Objective: This nonsystematic review describes risk of bleeding in treatment with serotonin reuptake inhibitors (SRIs) and provide recommendations for the management of patients at risk of bleeding. Data Sources: Articles were identified by English-language MEDLINE search published prior to June 2018 using the terms SRI, serotonin and noradrenaline reuptake inhibitors, OR antidepressive agents, AND hemorrhage OR stroke. Study Selection and Data Extraction: Meta-analyses were utilized to identify information regarding risk of bleeding with antidepressants. Individual studies were included if they had information regarding bleeding risk with specific SRIs, timing of risk, or risk with medications of interest.

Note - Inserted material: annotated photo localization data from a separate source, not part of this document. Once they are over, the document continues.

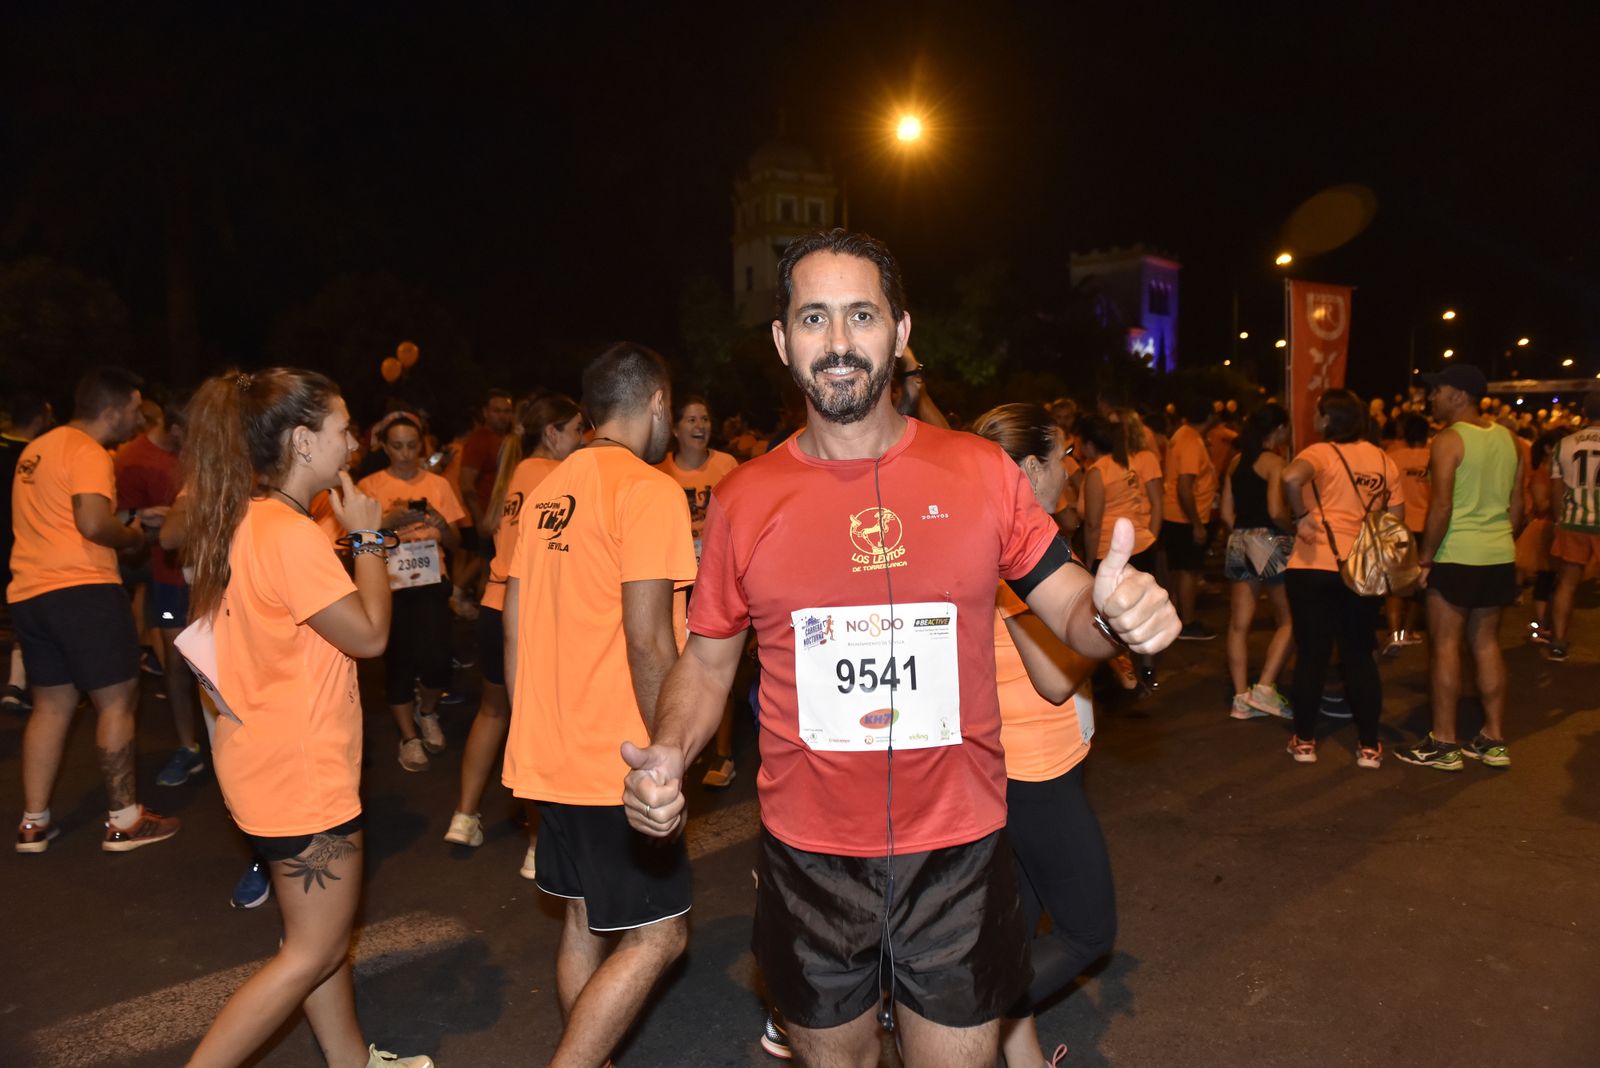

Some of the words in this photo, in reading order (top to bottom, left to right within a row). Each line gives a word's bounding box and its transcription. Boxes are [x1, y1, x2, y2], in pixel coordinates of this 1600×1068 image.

[398, 556, 430, 571] 23089
[851, 552, 870, 565] LOS
[836, 655, 917, 694] 9541
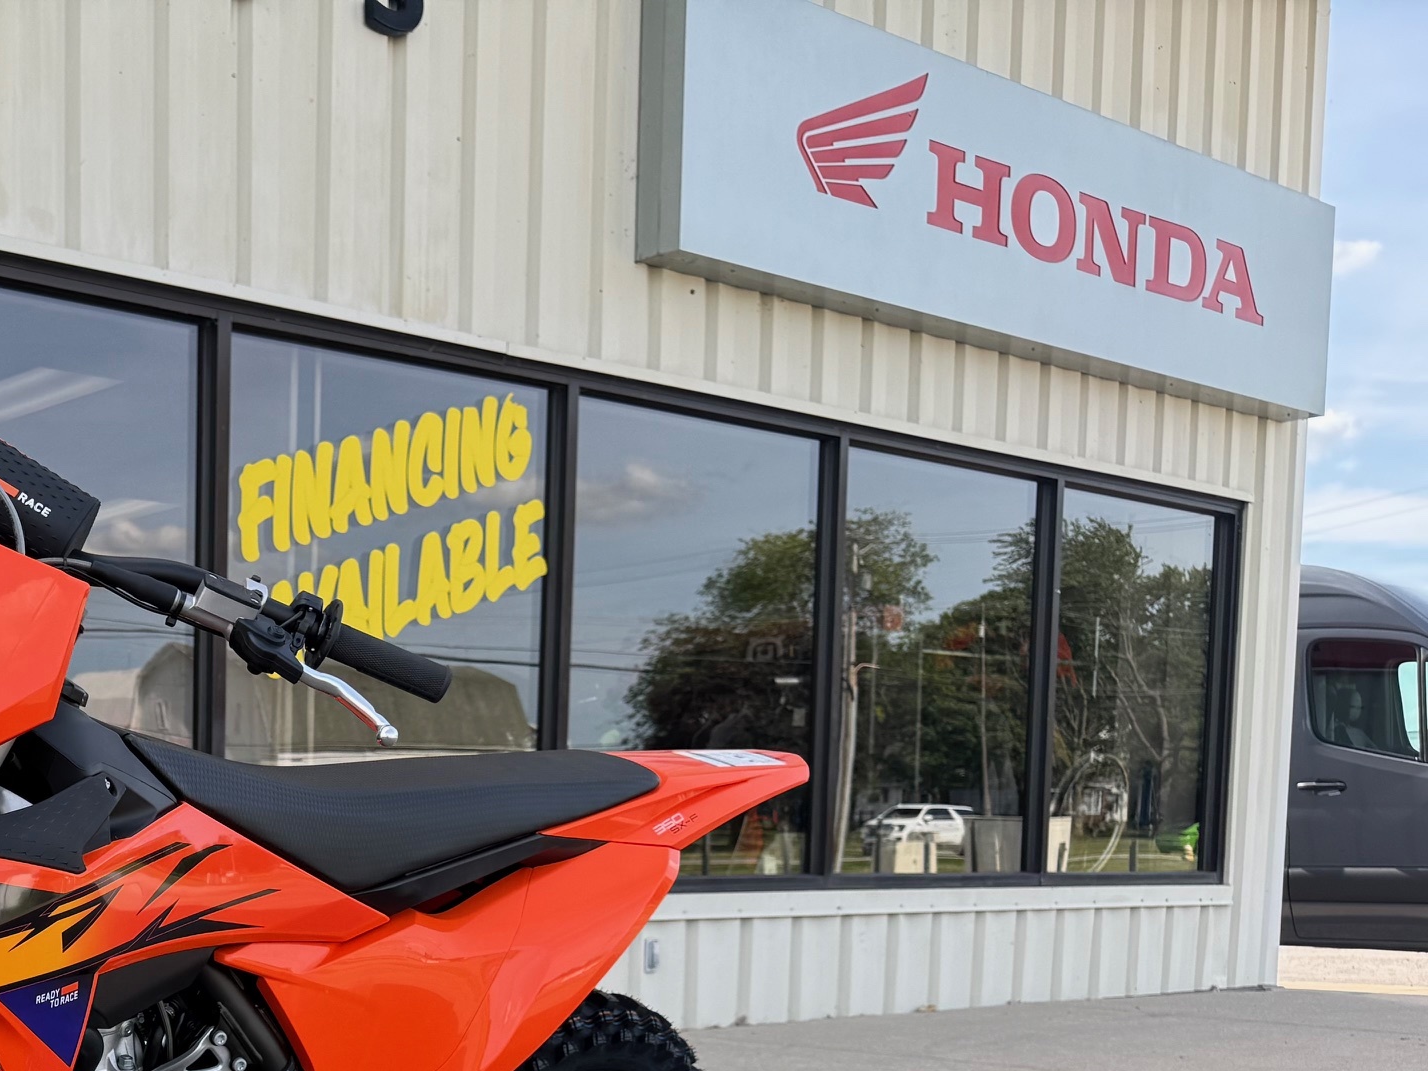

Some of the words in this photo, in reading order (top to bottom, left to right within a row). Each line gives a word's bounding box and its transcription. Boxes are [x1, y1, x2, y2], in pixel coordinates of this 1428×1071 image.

[926, 139, 1264, 327] HONDA
[237, 392, 532, 562] FINANCING
[17, 491, 52, 518] RACE
[265, 499, 548, 679] AILABLE
[652, 812, 684, 836] 350
[669, 813, 699, 835] SX-F
[35, 987, 61, 1005] READY
[49, 998, 60, 1009] TO
[60, 990, 79, 1006] RACE

Data Synthesis: SRIs increase risk of bleeding by 1.16- to 2.36-fold. The risk is synergistic between SRIs and nonsteroidal anti-inflammatory drugs (NSAIDs; odds ratio [OR] range between studies 3.17-10.9). Acid-reducing medications may mitigate risk of gastrointestinal bleeds in chronic NSAIDs and SRI users (OR range between studies 0.98-1.1). Antidepressants with low or no affinity for the serotonin transporter, such as bupropion or mirtazapine, may be appropriate alternatives for patients at risk of bleeding. Relevance to Patient Care and Clinical Practice: This review includes data regarding bleeding risk for specific antidepressants, concomitant medications, and risk related to duration of SRI use. Considerations and evidence-based recommendations are provided for management of SRI users at high bleeding risk. Conclusions: Clinicians must be aware of the risk of bleeding with SRI use, especially for patients taking NSAIDs. Patient education is prudent for those prescribed NSAIDs and SRIs concurrently.